By Nga Pham
BBC News, southern Burma
Many survivors are still lacking assistance, particularly in remote areas
It has been three months since Cyclone Nargis struck Burma, leaving 130,000 people dead and hundreds of thousands homeless.
On a covert trip to the Irrawaddy Delta region, I found many of the survivors still in need, and the regime still suspicious of foreigners.
Recently, the government started letting aid workers in, but foreign tourists and journalists are still not allowed to visit the affected areas.
I had been warned by my Burmese colleagues that it would be very difficult to move around Burma, and I had to be aware of the many layers of security designed to keep a close eye on visiting foreign nationals.
My plan was to fly to Rangoon, then to hire someone who would be willing to accompany me to the Irrawaddy region.
I would be posing as a Burmese woman to avoid unnecessary attention. It turned out to be more difficult than I thought.
I got a traditional Burmese dress, the longyi. I was also prepared to smear myself with the sunscreen powder you see most Burmese women wearing on their faces.
But finding someone who would go with me was tricky, partly because I had to be careful not to put anyone in danger.
Many people were punished by the regime after the cyclone for helping foreign journalists, or simply because they were spotted travelling with journalists.
Via some contacts, I found a guide who agreed to go with me, on the condition that if he saw any sign of danger at all, we would immediately make our way back.
We left Rangoon early in the morning. We took the ferry cross the Yangon river, swollen, dark and muddy with monsoon rains.
Along the road down into the Irrawaddy region, houses had been repaired, trees had been cut and replanted, pagodas repainted. Paddy fields were covered in the green of the new crop.
However, it was still possible to tell where the cyclone hit, from the pockets of temporary huts scattered across the region.
Most of the huts I saw did not have proper roofs but were covered with plastic sheets provided by international agencies.
Some of the victims were sitting in the mud. As it is the rainy season, it rains almost daily and vast areas are still flooded.
My guide told me that local people have been warned by the authorities not to speak to foreigners and it took us a while to find someone who agreed to have a chat.
Mr Naing Win is a farmer whose family lost almost everything in the cyclone. I found him living with his wife and two children in a small hut.
"The cyclone struck at night, when we were sleeping," he said.
Crops are growing once more in paddy fields, but harvest is some way off
"I saw houses collapsing around my house. Then the rain started pouring down through the roof, which by that time was heavily damaged."
He had nowhere to go, he said, so he simply held a child in each of his arms and stood inside what was left of the house until dawn broke.
"Now we stay in this hut with nothing inside," said Mr Naing. "The children cough all the time because it is so damp.
"I would like to have somewhere better, more solid for my family to stay. But in order to build a proper house, we'd need at least 300,000 kyat ($300) and I don't think we'll ever have the money."
The government has closed refugee camps in an attempt to prove that everything has returned to normal.

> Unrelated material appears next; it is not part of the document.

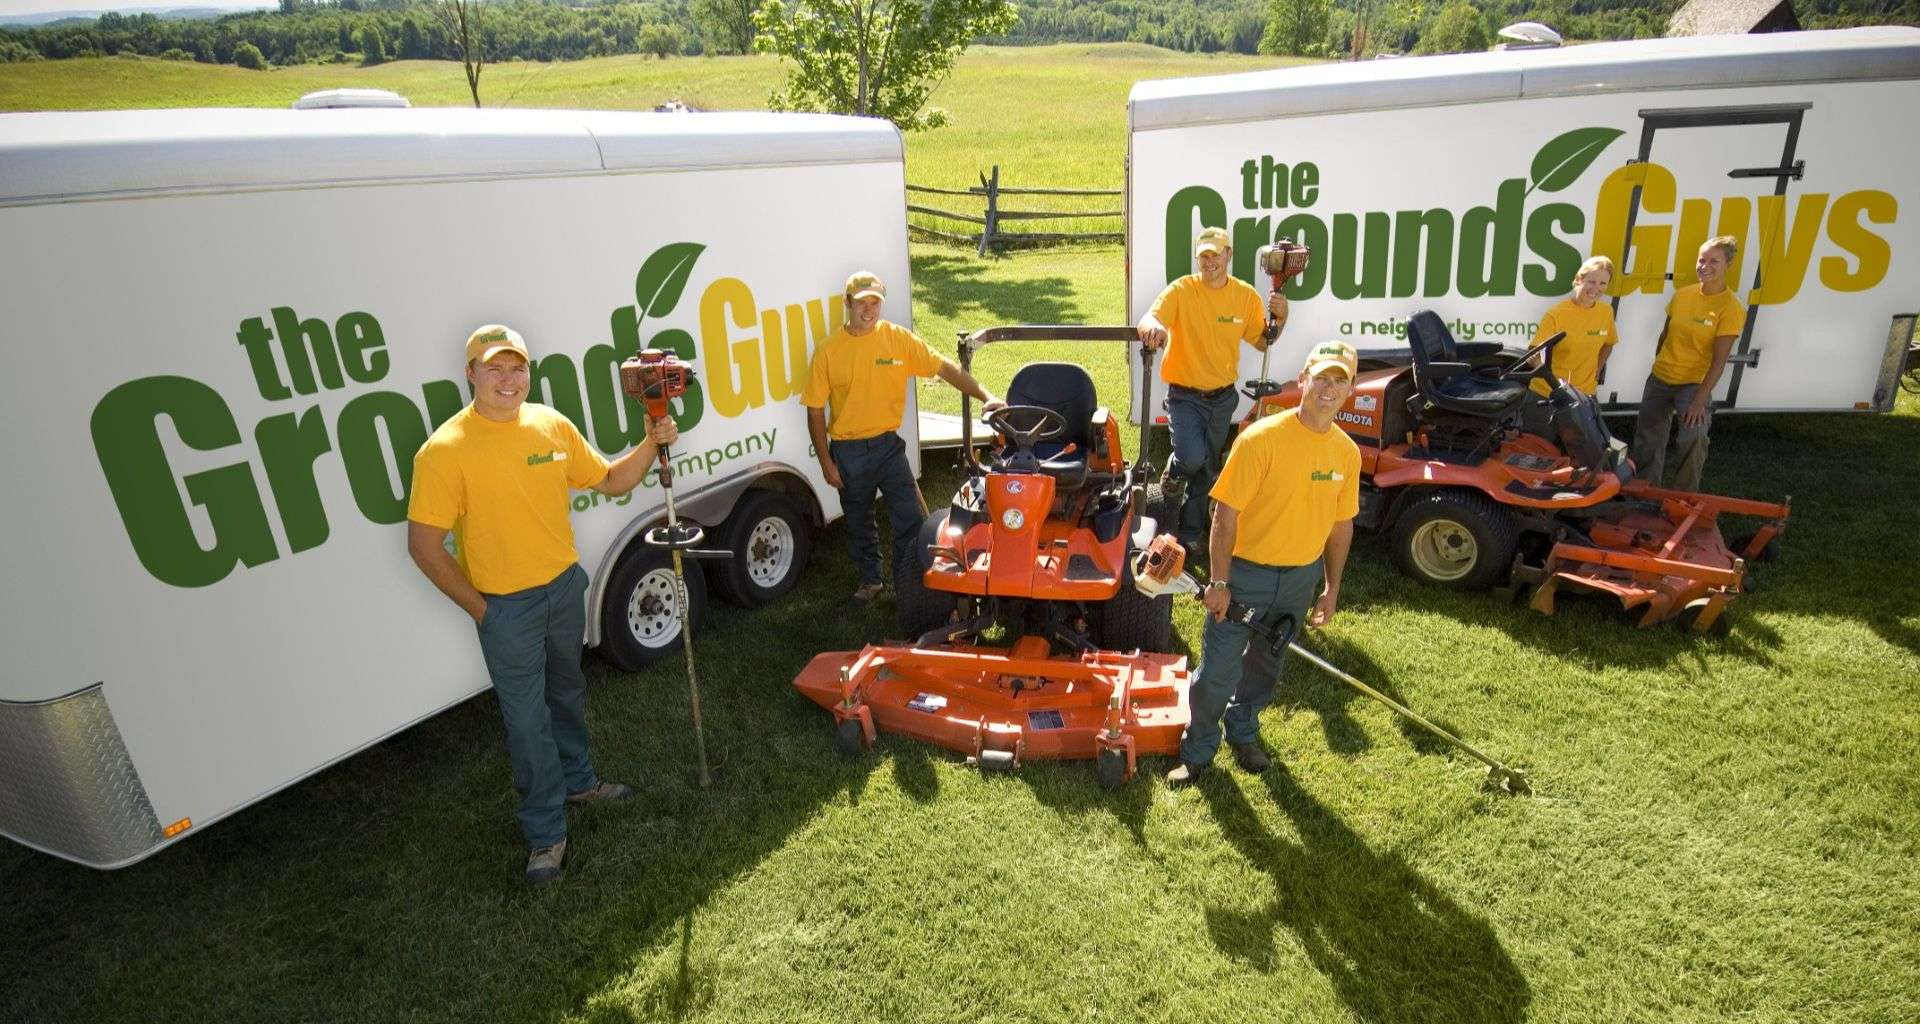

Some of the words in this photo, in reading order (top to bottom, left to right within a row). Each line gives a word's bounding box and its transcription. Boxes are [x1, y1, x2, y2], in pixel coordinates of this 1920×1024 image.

[1241, 155, 1319, 209] the
[1340, 322, 1352, 335] a
[236, 306, 390, 401] the
[1335, 411, 1373, 427] UBOTA

The Paritta Monastery in Kyauktan, near Rangoon, used to host some 250 families. Now, according to head monk U Pyinya Wanttha, they are all gone.
"About a month ago, the government came here and demanded that all the refugees go back to where they were from and they are now living in the temporary shelters that they've built from bamboos and pieces of wood," he told me.

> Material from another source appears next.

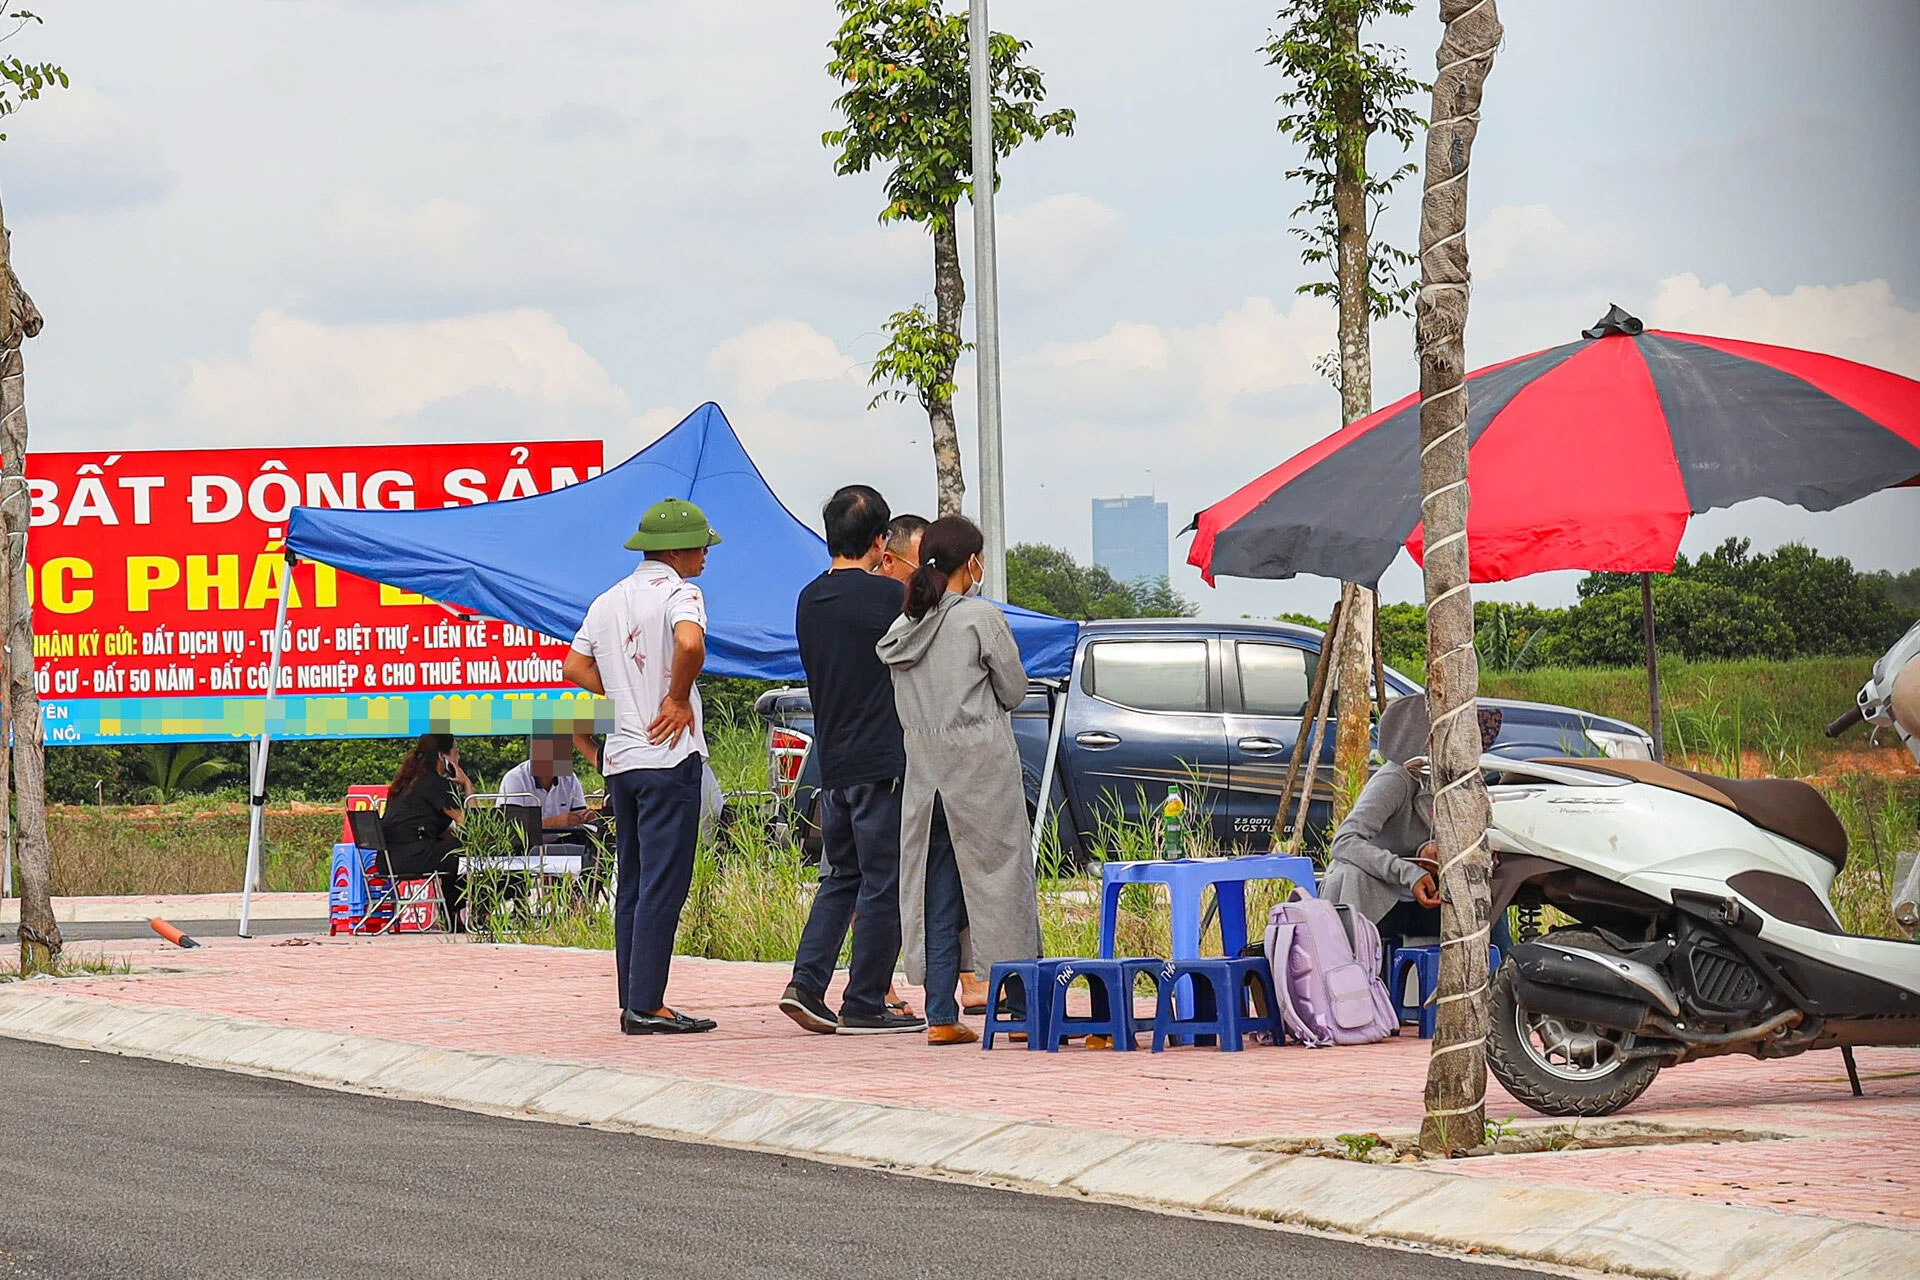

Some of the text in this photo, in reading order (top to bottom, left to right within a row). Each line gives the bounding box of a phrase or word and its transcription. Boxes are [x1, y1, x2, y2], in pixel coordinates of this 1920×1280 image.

He said the biggest problem now was to provide the victims with proper shelters, as nobody has any money left. And of course they need food, he added, because it will be some time before the new harvest.
"Kind people have been donating instant noodles and dry foodstuffs which we transfer to the refugees," said U Pyinya Wanttha. "But it is clearly not enough."

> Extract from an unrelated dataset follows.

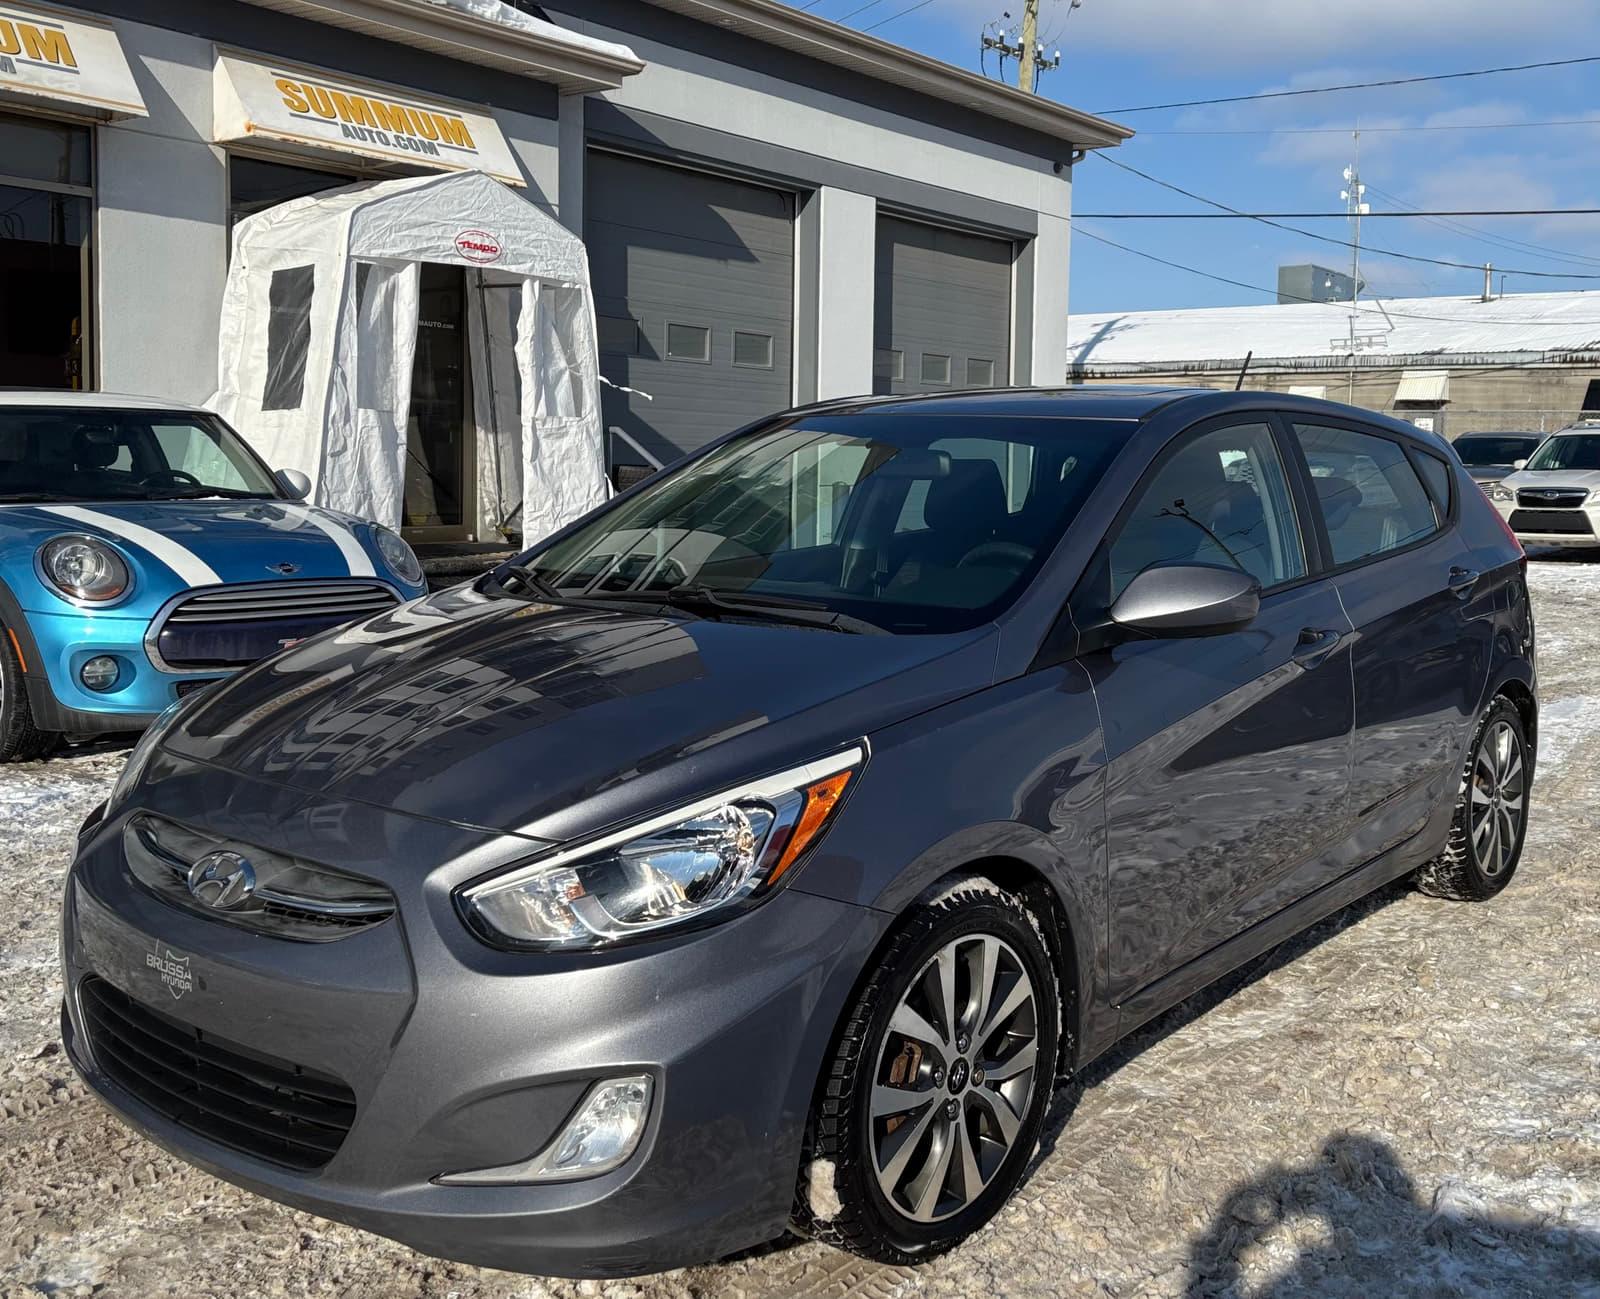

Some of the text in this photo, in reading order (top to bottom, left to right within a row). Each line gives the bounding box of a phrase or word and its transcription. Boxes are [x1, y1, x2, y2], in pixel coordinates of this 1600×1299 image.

[275, 79, 476, 149] SUMMUM
[340, 123, 440, 156] AUTO.COM
[458, 240, 498, 253] TEMPO

Survivors have complained that aid from the government has been scarce.
International charities warn that lack of food could affect millions. Limited access to clean water and unhygienic living conditions are other concerns.
Thu Ya, a local businessman who runs a private relief campaign in the Irrawaddy Delta, said the victims urgently needed help - particularly those in remote areas.
It is monsoon season and they are at risk contracting dangerous illnesses such as malaria, diarrhoea and lung diseases.
The United Nations has urged the Burmese government to assure continued access to remote communities, particularly for international non-governmental organisation partners.
International agencies like Save the Children are worried that since the spotlight seems to have turned away from Burma, it will be impossible to get sufficient funding
On the way into Irrawaddy region, I saw a number of premises emblazoned with agencies' names, such as Save the Children and Care, but did not see any foreign staff inside.
What I did see, in the space of three hours, were six or seven military checkpoints.
We had to beat a hasty retreat when my guide spotted a large military checkpoint ahead of us, where he said we would be stopped and searched.
A recent joint assessment by Asean, the UN and the Burmese government estimates that a further $1bn is needed for relief and reconstruction work in the country after Cyclone Nargis.
But international agencies like Save the Children are worried that since the spotlight seems to have turned away from Burma, it will be impossible to get sufficient funding.